Provided entries =
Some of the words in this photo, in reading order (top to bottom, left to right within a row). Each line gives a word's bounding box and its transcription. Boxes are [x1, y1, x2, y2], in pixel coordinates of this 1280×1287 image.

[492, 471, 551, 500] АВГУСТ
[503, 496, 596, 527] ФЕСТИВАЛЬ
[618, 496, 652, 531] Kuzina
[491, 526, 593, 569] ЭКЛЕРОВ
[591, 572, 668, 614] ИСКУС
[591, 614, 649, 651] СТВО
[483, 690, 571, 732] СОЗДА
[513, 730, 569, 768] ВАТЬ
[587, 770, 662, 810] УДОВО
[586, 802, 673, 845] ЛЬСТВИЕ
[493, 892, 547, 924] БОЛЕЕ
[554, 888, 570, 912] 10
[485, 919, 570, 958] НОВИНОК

==

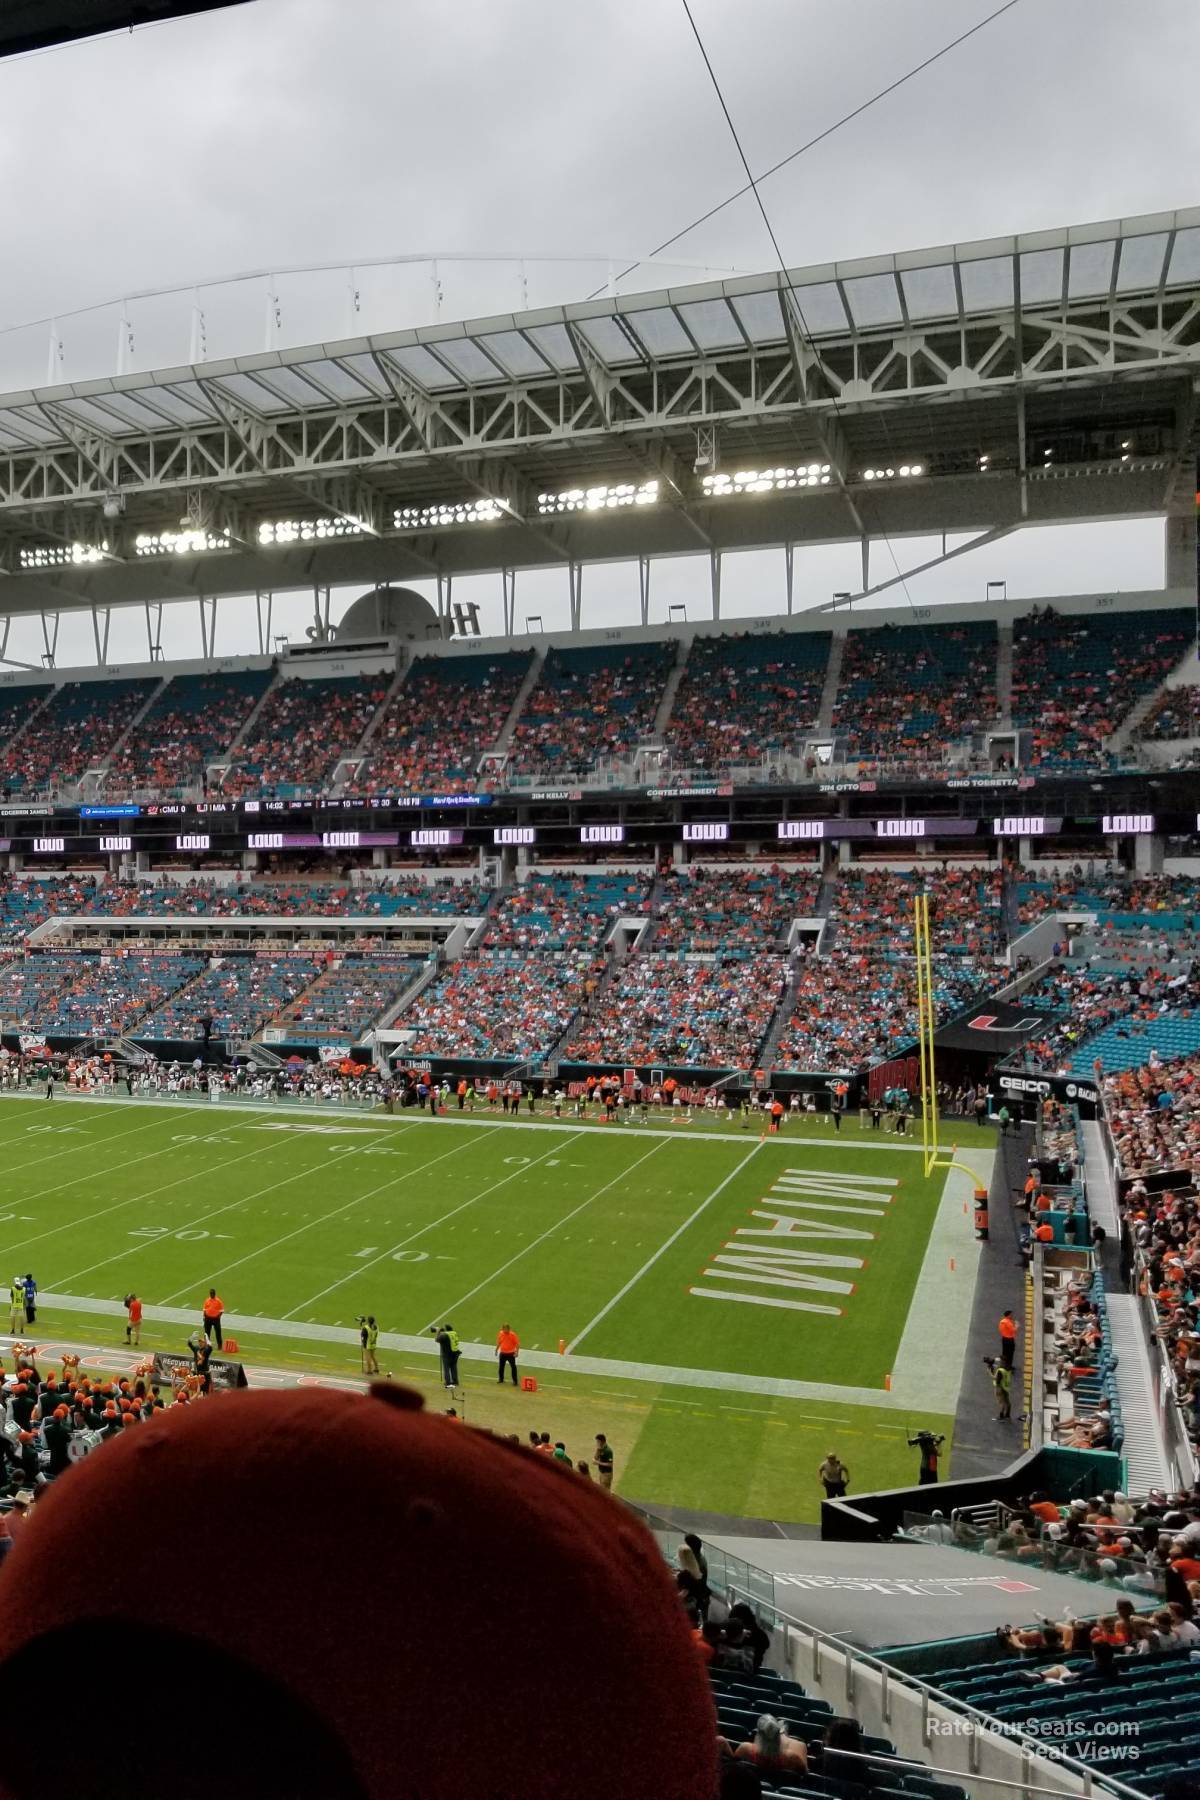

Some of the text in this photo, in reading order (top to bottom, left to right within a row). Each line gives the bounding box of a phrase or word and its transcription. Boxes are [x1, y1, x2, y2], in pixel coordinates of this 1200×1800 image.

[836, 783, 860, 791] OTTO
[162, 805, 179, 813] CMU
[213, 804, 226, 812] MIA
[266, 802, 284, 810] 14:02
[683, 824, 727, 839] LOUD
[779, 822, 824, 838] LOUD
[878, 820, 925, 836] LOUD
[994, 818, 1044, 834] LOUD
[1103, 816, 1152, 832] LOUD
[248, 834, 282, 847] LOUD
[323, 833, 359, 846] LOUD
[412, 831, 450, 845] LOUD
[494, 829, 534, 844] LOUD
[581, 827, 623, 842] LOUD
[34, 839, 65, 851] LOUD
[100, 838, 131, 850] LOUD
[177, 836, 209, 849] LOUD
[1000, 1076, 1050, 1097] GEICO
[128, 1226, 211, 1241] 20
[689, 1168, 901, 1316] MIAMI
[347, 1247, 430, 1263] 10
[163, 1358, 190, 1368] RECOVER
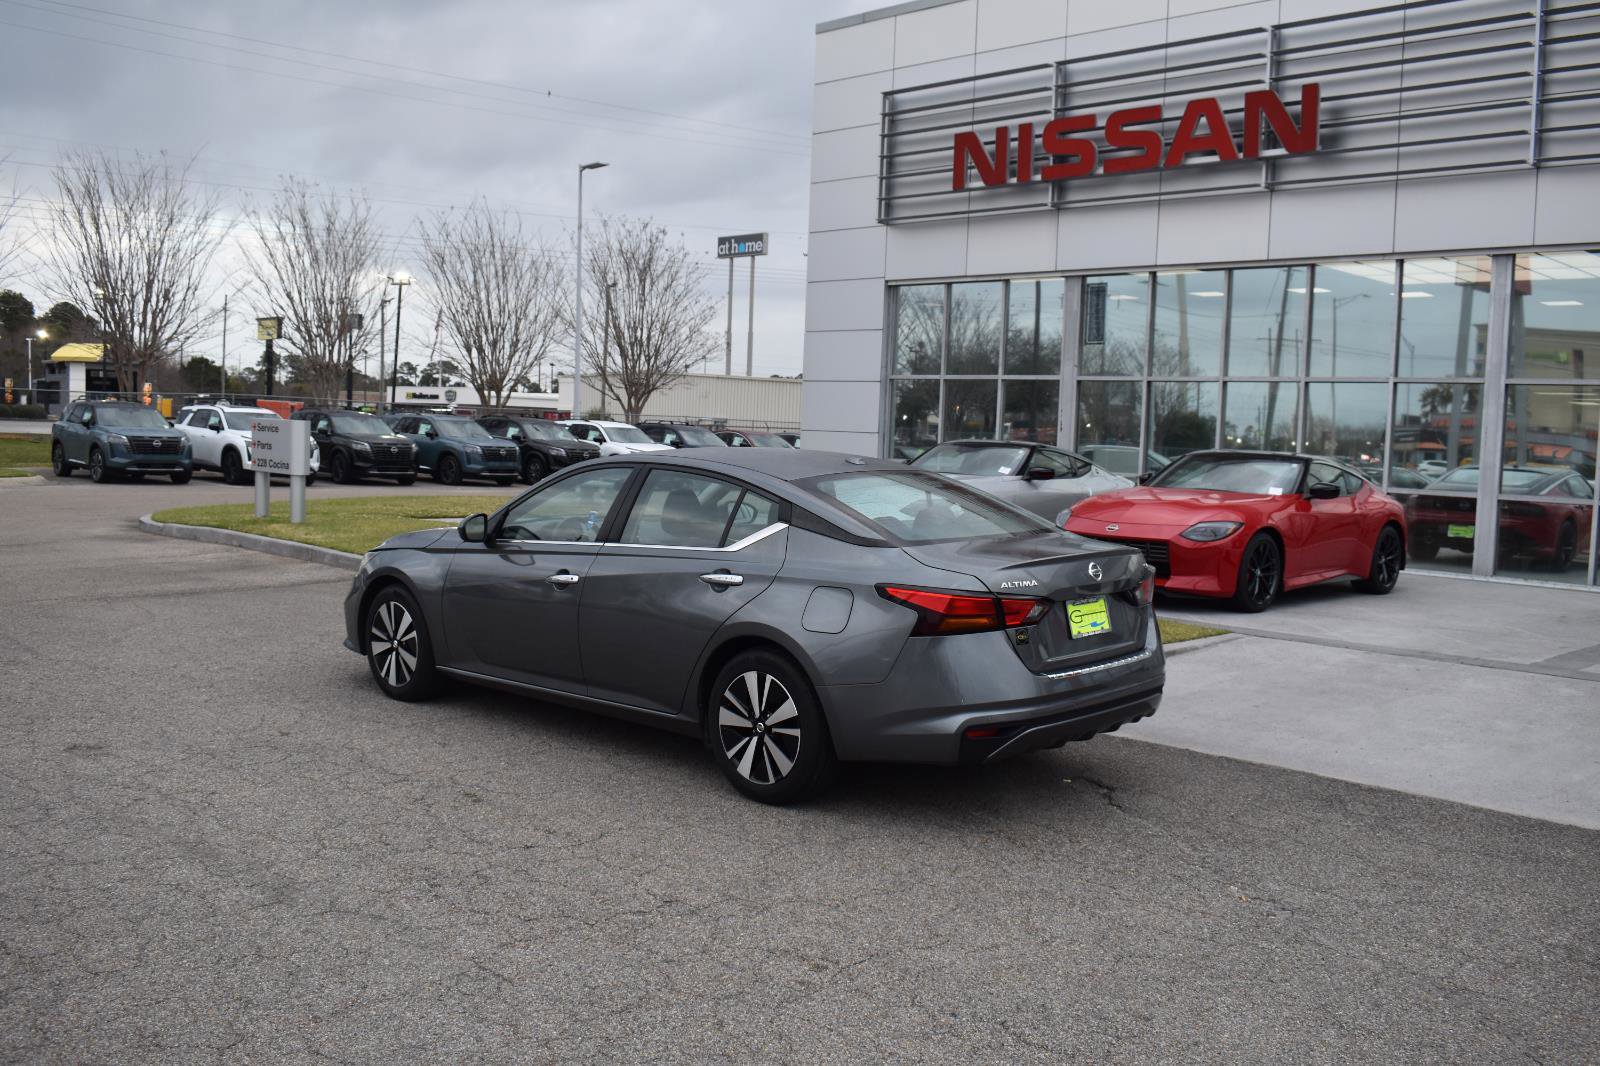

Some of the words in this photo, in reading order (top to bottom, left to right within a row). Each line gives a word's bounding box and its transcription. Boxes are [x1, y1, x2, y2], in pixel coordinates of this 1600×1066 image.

Problem to solve =
Look above for the line containing "Some of the text", then write out every line from there down to the line containing "this 1600×1066 image.", that line included, with no pictures.

Task output =
Some of the text in this photo, in reading order (top to bottom, left to right within a row). Each line gives the bounding box of a phrase or word and its transcription. Boxes are [x1, y1, x2, y2], in pixel coordinates of this 1200×1800 image.

[836, 783, 860, 791] OTTO
[162, 805, 179, 813] CMU
[213, 804, 226, 812] MIA
[266, 802, 284, 810] 14:02
[683, 824, 727, 839] LOUD
[779, 822, 824, 838] LOUD
[878, 820, 925, 836] LOUD
[994, 818, 1044, 834] LOUD
[1103, 816, 1152, 832] LOUD
[248, 834, 282, 847] LOUD
[323, 833, 359, 846] LOUD
[412, 831, 450, 845] LOUD
[494, 829, 534, 844] LOUD
[581, 827, 623, 842] LOUD
[34, 839, 65, 851] LOUD
[100, 838, 131, 850] LOUD
[177, 836, 209, 849] LOUD
[1000, 1076, 1050, 1097] GEICO
[128, 1226, 211, 1241] 20
[689, 1168, 901, 1316] MIAMI
[347, 1247, 430, 1263] 10
[163, 1358, 190, 1368] RECOVER

Some of the words in this photo, in reading order (top to bottom, left to right within a row). Each line gives a word's bounding box and its transcription. Boxes are [x1, y1, x2, y2], in pixel coordinates of this 1600×1066 image.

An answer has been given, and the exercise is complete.